Each record in the datasets contains 58 features, one of which is the class label. The class label is the last feature and it takes two values +1 (spam email) and -1 (non-spam email). The other features represent various characteristics of emails such as frequencies of certain words or characters in the text of an email; and lengths of sequences of consecutive capital letters (See [SPAM E-mail Database](https://www.kaggle.com/somesh24/spambase) for the detailed description of the features).

In [1]:
import numpy as np
import random

We start with implementing some auxiliary functions.

In [2]:
# Implement sigmoid function
def sigmoid(x):
    # Bound the argument to be in the interval [-500, 500] to prevent overflow
    x = np.clip( x, -500, 500 )

    return 1/(1 + np.exp(-x))

In [3]:
def load_data(fname):
    labels = []
    features = []
    
    with open(fname) as F:
        next(F) # skip the first line with feature names
        for line in F:
            p = line.strip().split(',')
            labels.append(int(p[-1]))
            features.append(np.array(p[:-1], float))
    return (np.array(labels), np.array(features))
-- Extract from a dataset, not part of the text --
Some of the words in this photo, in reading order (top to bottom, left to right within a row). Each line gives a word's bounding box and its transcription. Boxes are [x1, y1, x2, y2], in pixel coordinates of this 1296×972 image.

Next we read the training and the test datasets.

In [4]:
(trainingLabels, trainingData) = load_data("train.csv")
(testLabels, testData) = load_data("test.csv")
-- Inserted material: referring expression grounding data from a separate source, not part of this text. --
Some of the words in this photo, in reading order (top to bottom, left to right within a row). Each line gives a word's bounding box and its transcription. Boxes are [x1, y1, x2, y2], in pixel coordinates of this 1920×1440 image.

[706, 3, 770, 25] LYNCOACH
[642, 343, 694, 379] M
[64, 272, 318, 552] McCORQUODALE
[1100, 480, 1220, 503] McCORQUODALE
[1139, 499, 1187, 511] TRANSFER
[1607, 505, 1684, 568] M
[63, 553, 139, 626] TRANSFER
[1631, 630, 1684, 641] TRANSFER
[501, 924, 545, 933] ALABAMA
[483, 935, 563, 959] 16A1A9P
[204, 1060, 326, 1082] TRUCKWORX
In the files the positive objects appear before the negative objects. So we reshuffle both datasets to avoid situation when we present to our training algorithm all positive objects and then all negative objects.

In [5]:
#Reshuffle training data and
permutation =  np.random.permutation(len(trainingData))
trainingLabels = trainingLabels[permutation]
trainingData = trainingData[permutation]

#test data
permutation =  np.random.permutation(len(testData))
testLabels = testLabels[permutation]
testData = testData[permutation]

## Exercise 1

1. Implement Logistic Regression training algorithm.

2. Use the training dataset to train Logistic Regression classifier. Use learningRate=0.1 and maxIter=10. Output the bias term and the weight vector of the trained model.

## Exercise 2

1. Implement Logistic Regression classifier with given bias term and weight vector

2. Use the trained model to classify objects in the test dataset. Output an evaluation report (accuracy, precision, recall, F-score).

## Exercise 3

1. Apply Gaussian Normalisation to the training dataset

2. Train Logistic Regression on the normalised training dataset. Use learningRate=0.1 and maxIter=10. Output the bias term and the weight vector of the trained model.

3. Normalise the test dataset using Means and Standard Deviations of the features *computed on the training dataset*.

4. Use the model trained on the normalised training dataset to classify objects in the normalised test dataset. Output an evaluation report (accuracy, precision, recall, F-score).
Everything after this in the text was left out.